Task goal: Beginning with the line where "this 2048×1536 image." appears, repeat every remaining line of the entries exactly, the last line included.

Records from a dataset
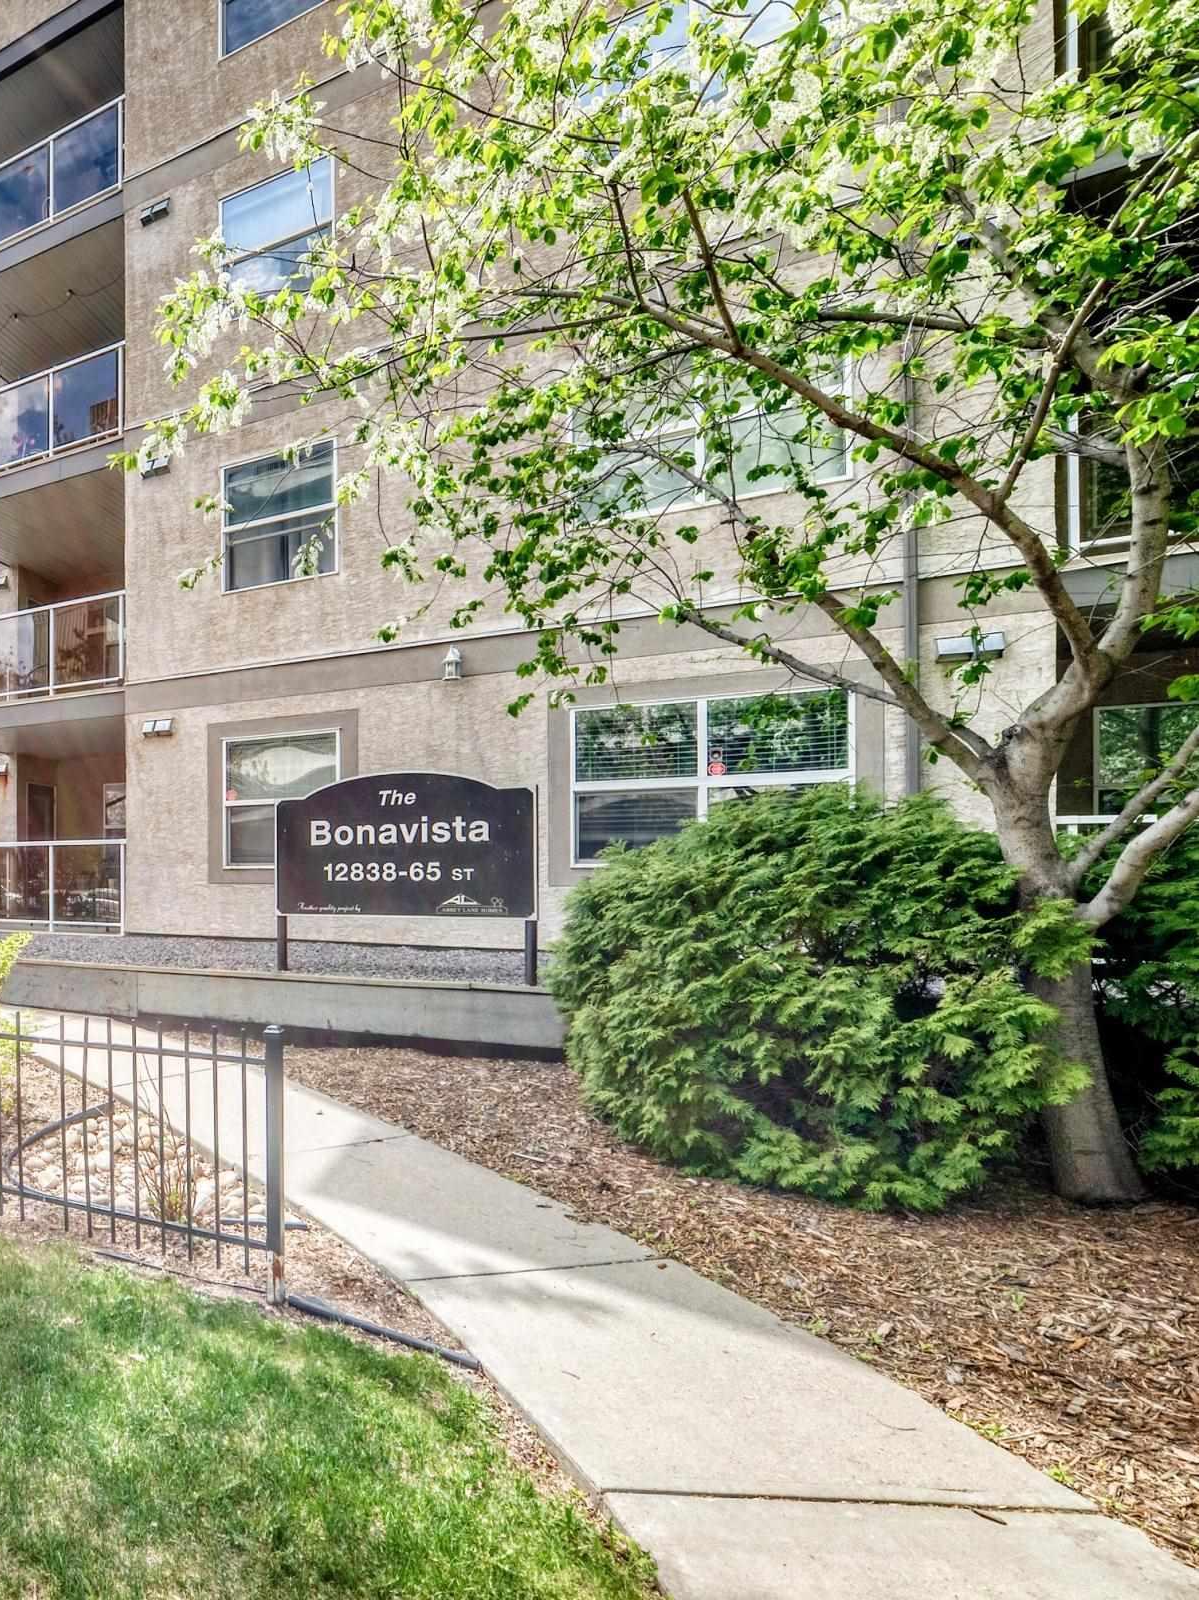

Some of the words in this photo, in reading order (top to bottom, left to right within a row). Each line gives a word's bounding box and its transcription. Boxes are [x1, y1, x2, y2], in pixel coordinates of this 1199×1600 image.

[377, 789, 417, 807] The
[309, 815, 490, 846] Bonavista
[323, 861, 442, 882] 12838-65
[451, 867, 475, 881] ST
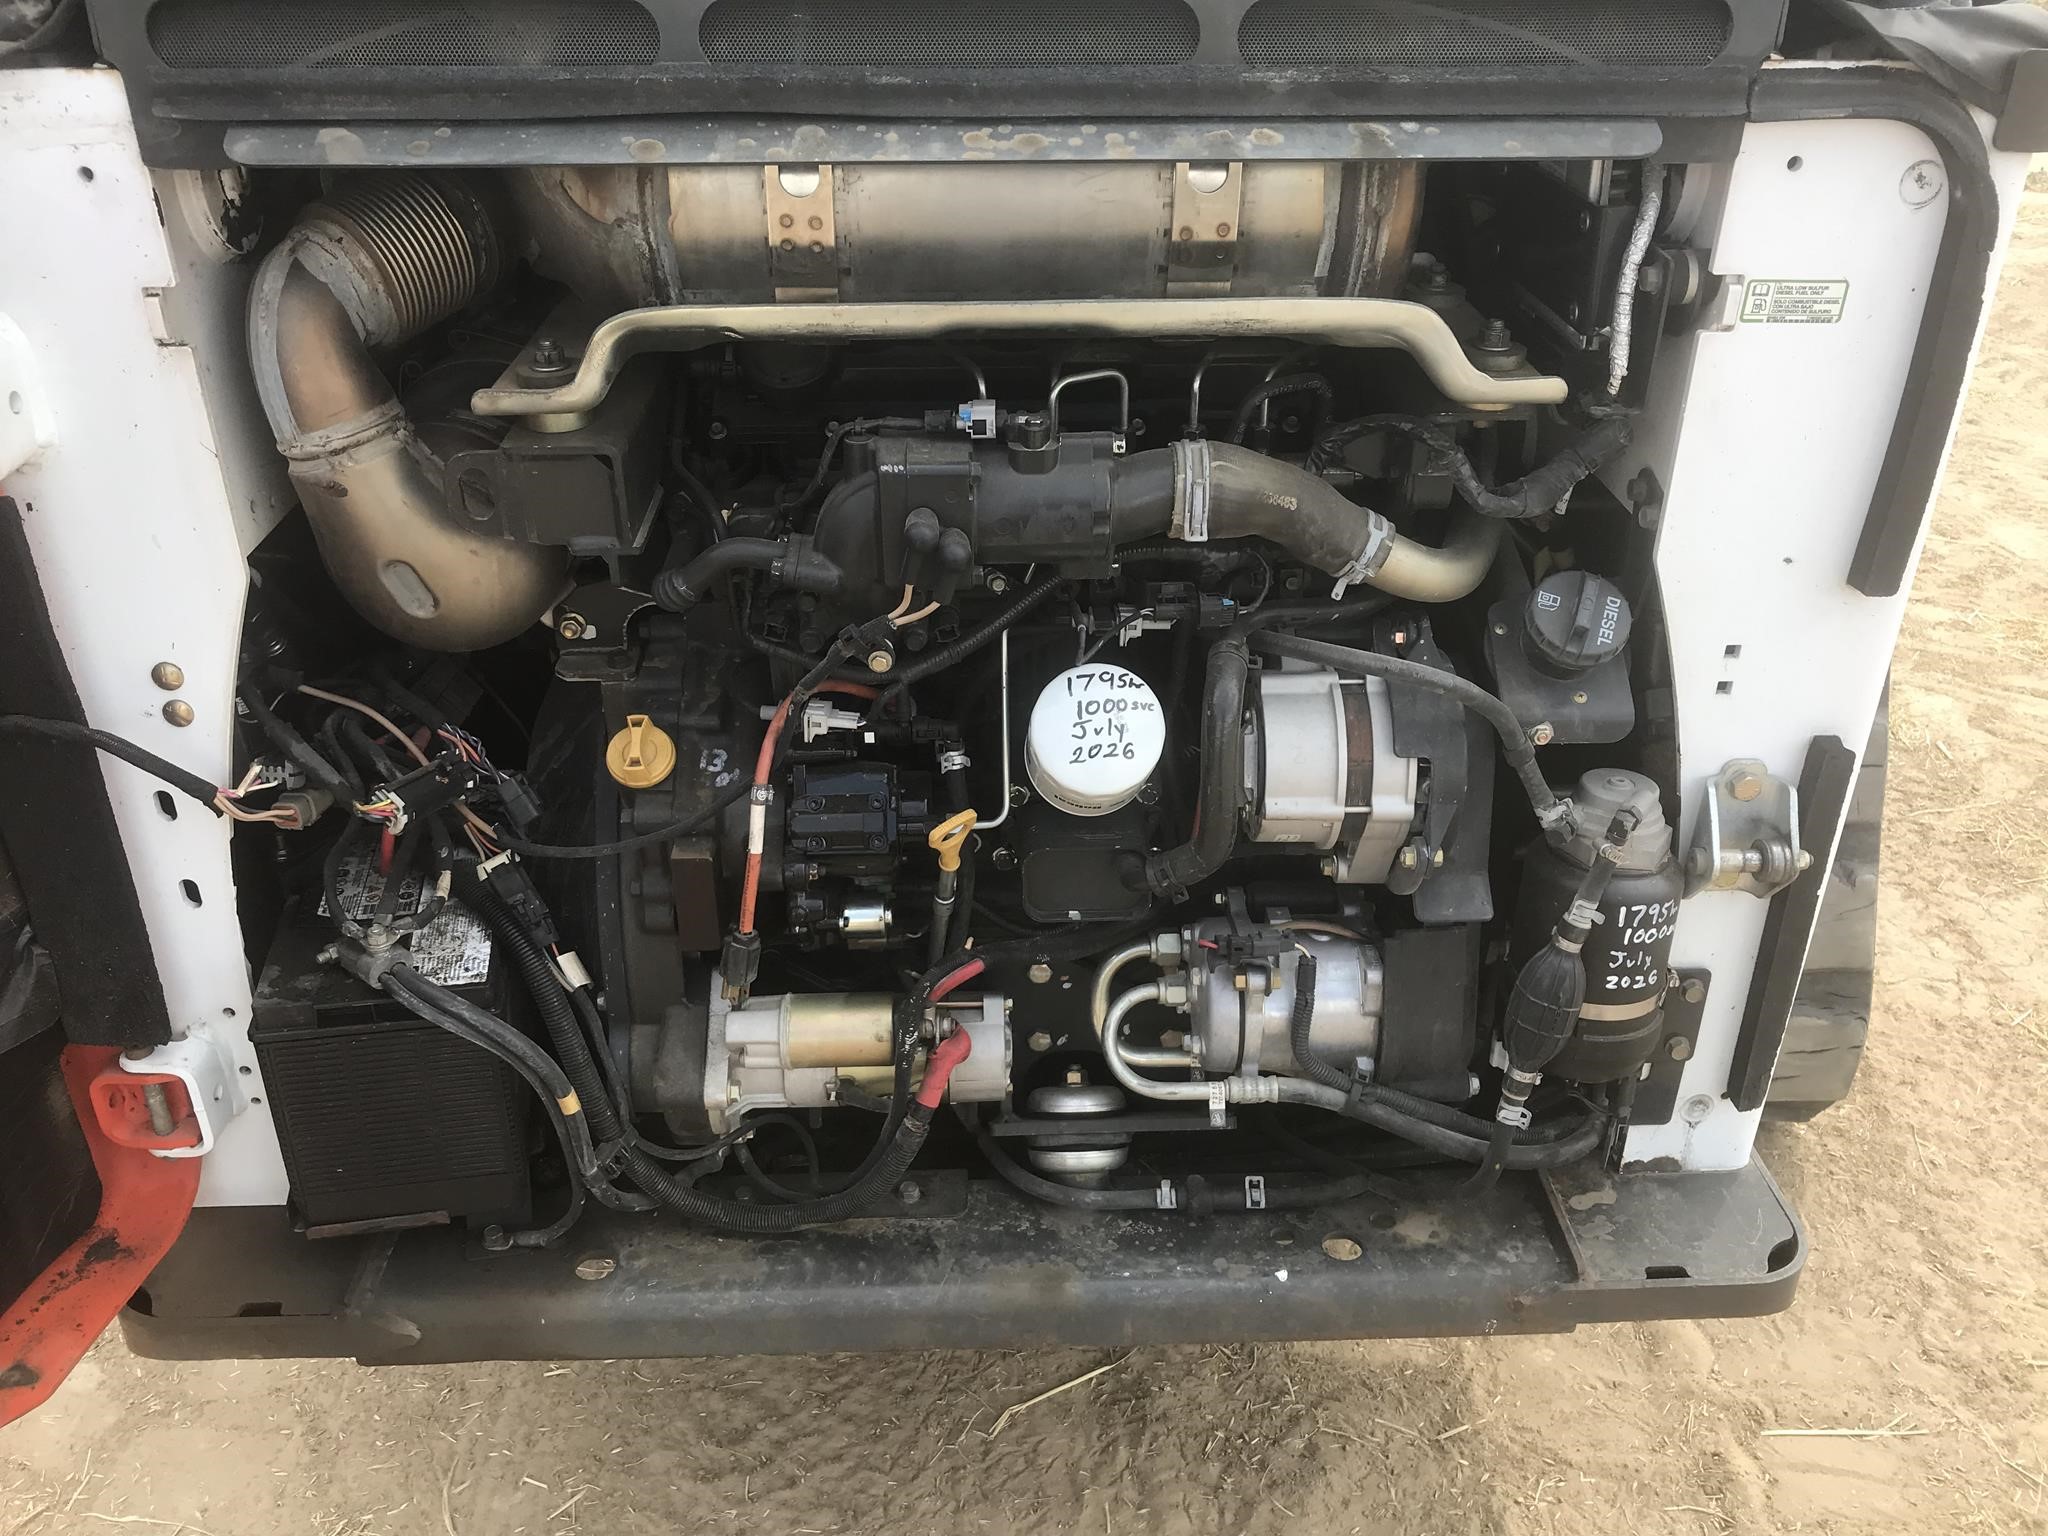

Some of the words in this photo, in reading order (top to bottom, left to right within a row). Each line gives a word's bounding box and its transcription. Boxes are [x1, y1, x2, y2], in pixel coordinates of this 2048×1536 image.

[1597, 595, 1621, 646] DIESEL
[1077, 698, 1128, 721] 1000
[1069, 742, 1135, 764] 2026
[1605, 969, 1658, 990] 2026

Exercise solution:
Some of the words in this photo, in reading order (top to bottom, left to right within a row). Each line gives a word's bounding box and its transcription. Boxes are [x1, y1, x2, y2], in pixel coordinates of this 2048×1536 image.

[1597, 595, 1621, 646] DIESEL
[1077, 698, 1128, 721] 1000
[1069, 742, 1135, 764] 2026
[1605, 969, 1658, 990] 2026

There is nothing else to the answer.